> **TASK BRIEF**
When you write out the listing, keep every word as it stands and drop the pictures.

:::::

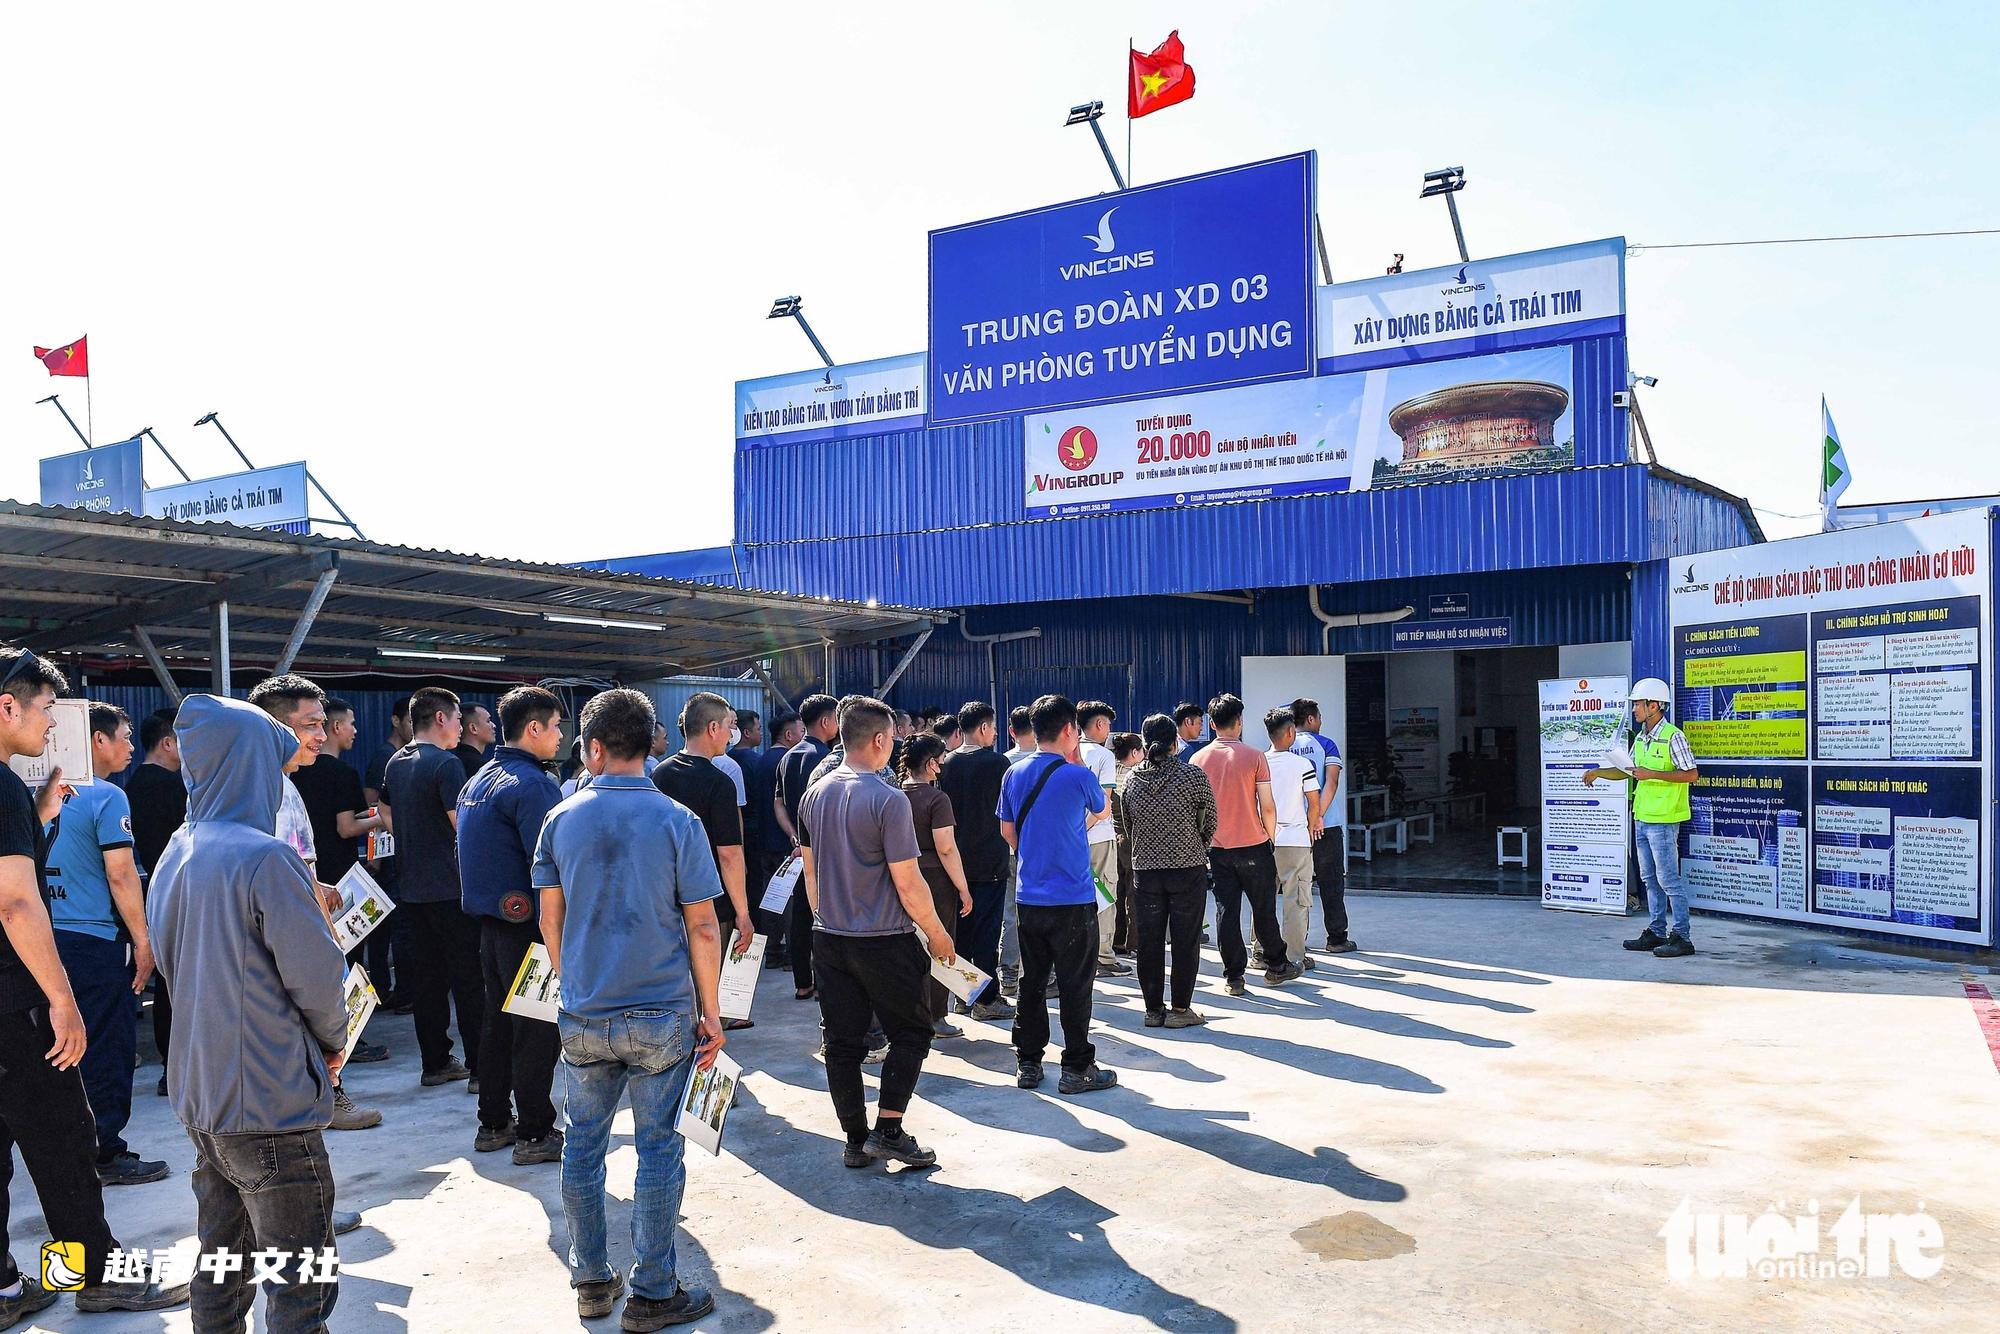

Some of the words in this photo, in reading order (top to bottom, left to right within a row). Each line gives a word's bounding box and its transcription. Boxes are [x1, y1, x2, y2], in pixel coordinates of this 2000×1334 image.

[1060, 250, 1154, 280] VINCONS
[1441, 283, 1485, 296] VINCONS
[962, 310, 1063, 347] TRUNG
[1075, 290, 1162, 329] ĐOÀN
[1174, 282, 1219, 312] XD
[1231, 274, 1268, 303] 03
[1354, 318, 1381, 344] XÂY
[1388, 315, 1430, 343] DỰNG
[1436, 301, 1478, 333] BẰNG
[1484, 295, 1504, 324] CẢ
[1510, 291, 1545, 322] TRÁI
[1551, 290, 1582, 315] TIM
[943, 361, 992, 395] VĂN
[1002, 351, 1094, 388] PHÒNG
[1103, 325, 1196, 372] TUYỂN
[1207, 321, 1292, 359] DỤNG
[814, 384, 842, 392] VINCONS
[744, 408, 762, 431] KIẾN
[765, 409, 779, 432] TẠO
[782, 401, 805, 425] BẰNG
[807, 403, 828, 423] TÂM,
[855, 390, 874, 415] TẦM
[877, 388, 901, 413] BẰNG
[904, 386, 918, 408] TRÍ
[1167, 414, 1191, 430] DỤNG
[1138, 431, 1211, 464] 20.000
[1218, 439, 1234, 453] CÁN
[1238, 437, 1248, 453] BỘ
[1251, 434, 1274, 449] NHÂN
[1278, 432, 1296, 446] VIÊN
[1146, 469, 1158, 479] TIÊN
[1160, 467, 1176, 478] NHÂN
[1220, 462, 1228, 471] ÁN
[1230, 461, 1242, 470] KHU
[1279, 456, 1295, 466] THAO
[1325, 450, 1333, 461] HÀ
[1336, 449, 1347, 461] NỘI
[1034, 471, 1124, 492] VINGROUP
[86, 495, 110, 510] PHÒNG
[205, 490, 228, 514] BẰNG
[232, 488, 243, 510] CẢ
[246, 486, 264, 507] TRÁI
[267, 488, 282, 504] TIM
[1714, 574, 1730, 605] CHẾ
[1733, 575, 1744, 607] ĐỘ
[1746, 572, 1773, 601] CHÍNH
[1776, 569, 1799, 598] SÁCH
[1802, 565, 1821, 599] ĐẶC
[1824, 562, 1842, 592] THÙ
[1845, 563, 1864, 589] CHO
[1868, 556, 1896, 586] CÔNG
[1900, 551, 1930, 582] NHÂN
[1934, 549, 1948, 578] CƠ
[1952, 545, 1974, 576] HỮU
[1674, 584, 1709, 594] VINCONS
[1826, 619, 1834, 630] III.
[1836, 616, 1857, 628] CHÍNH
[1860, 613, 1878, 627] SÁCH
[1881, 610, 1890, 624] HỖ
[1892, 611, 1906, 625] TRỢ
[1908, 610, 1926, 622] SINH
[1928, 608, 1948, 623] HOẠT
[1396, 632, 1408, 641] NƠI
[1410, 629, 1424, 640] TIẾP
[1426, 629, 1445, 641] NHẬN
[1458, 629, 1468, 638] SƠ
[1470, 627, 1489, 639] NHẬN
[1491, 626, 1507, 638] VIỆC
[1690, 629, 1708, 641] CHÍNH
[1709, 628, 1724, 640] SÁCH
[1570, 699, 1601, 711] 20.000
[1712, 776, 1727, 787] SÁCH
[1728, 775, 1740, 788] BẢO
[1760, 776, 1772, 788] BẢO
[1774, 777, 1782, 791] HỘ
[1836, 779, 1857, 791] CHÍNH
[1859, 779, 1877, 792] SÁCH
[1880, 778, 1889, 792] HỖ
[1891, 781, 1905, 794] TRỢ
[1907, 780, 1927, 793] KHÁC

:::::

> **WRITTEN SOLUTION**
Some of the words in this photo, in reading order (top to bottom, left to right within a row). Each line gives a word's bounding box and its transcription. Boxes are [x1, y1, x2, y2], in pixel coordinates of this 2000×1334 image.

[1060, 250, 1154, 280] VINCONS
[1441, 283, 1485, 296] VINCONS
[962, 310, 1063, 347] TRUNG
[1075, 290, 1162, 329] ĐOÀN
[1174, 282, 1219, 312] XD
[1231, 274, 1268, 303] 03
[1354, 318, 1381, 344] XÂY
[1388, 315, 1430, 343] DỰNG
[1436, 301, 1478, 333] BẰNG
[1484, 295, 1504, 324] CẢ
[1510, 291, 1545, 322] TRÁI
[1551, 290, 1582, 315] TIM
[943, 361, 992, 395] VĂN
[1002, 351, 1094, 388] PHÒNG
[1103, 325, 1196, 372] TUYỂN
[1207, 321, 1292, 359] DỤNG
[814, 384, 842, 392] VINCONS
[744, 408, 762, 431] KIẾN
[765, 409, 779, 432] TẠO
[782, 401, 805, 425] BẰNG
[807, 403, 828, 423] TÂM,
[855, 390, 874, 415] TẦM
[877, 388, 901, 413] BẰNG
[904, 386, 918, 408] TRÍ
[1167, 414, 1191, 430] DỤNG
[1138, 431, 1211, 464] 20.000
[1218, 439, 1234, 453] CÁN
[1238, 437, 1248, 453] BỘ
[1251, 434, 1274, 449] NHÂN
[1278, 432, 1296, 446] VIÊN
[1146, 469, 1158, 479] TIÊN
[1160, 467, 1176, 478] NHÂN
[1220, 462, 1228, 471] ÁN
[1230, 461, 1242, 470] KHU
[1279, 456, 1295, 466] THAO
[1325, 450, 1333, 461] HÀ
[1336, 449, 1347, 461] NỘI
[1034, 471, 1124, 492] VINGROUP
[86, 495, 110, 510] PHÒNG
[205, 490, 228, 514] BẰNG
[232, 488, 243, 510] CẢ
[246, 486, 264, 507] TRÁI
[267, 488, 282, 504] TIM
[1714, 574, 1730, 605] CHẾ
[1733, 575, 1744, 607] ĐỘ
[1746, 572, 1773, 601] CHÍNH
[1776, 569, 1799, 598] SÁCH
[1802, 565, 1821, 599] ĐẶC
[1824, 562, 1842, 592] THÙ
[1845, 563, 1864, 589] CHO
[1868, 556, 1896, 586] CÔNG
[1900, 551, 1930, 582] NHÂN
[1934, 549, 1948, 578] CƠ
[1952, 545, 1974, 576] HỮU
[1674, 584, 1709, 594] VINCONS
[1826, 619, 1834, 630] III.
[1836, 616, 1857, 628] CHÍNH
[1860, 613, 1878, 627] SÁCH
[1881, 610, 1890, 624] HỖ
[1892, 611, 1906, 625] TRỢ
[1908, 610, 1926, 622] SINH
[1928, 608, 1948, 623] HOẠT
[1396, 632, 1408, 641] NƠI
[1410, 629, 1424, 640] TIẾP
[1426, 629, 1445, 641] NHẬN
[1458, 629, 1468, 638] SƠ
[1470, 627, 1489, 639] NHẬN
[1491, 626, 1507, 638] VIỆC
[1690, 629, 1708, 641] CHÍNH
[1709, 628, 1724, 640] SÁCH
[1570, 699, 1601, 711] 20.000
[1712, 776, 1727, 787] SÁCH
[1728, 775, 1740, 788] BẢO
[1760, 776, 1772, 788] BẢO
[1774, 777, 1782, 791] HỘ
[1836, 779, 1857, 791] CHÍNH
[1859, 779, 1877, 792] SÁCH
[1880, 778, 1889, 792] HỖ
[1891, 781, 1905, 794] TRỢ
[1907, 780, 1927, 793] KHÁC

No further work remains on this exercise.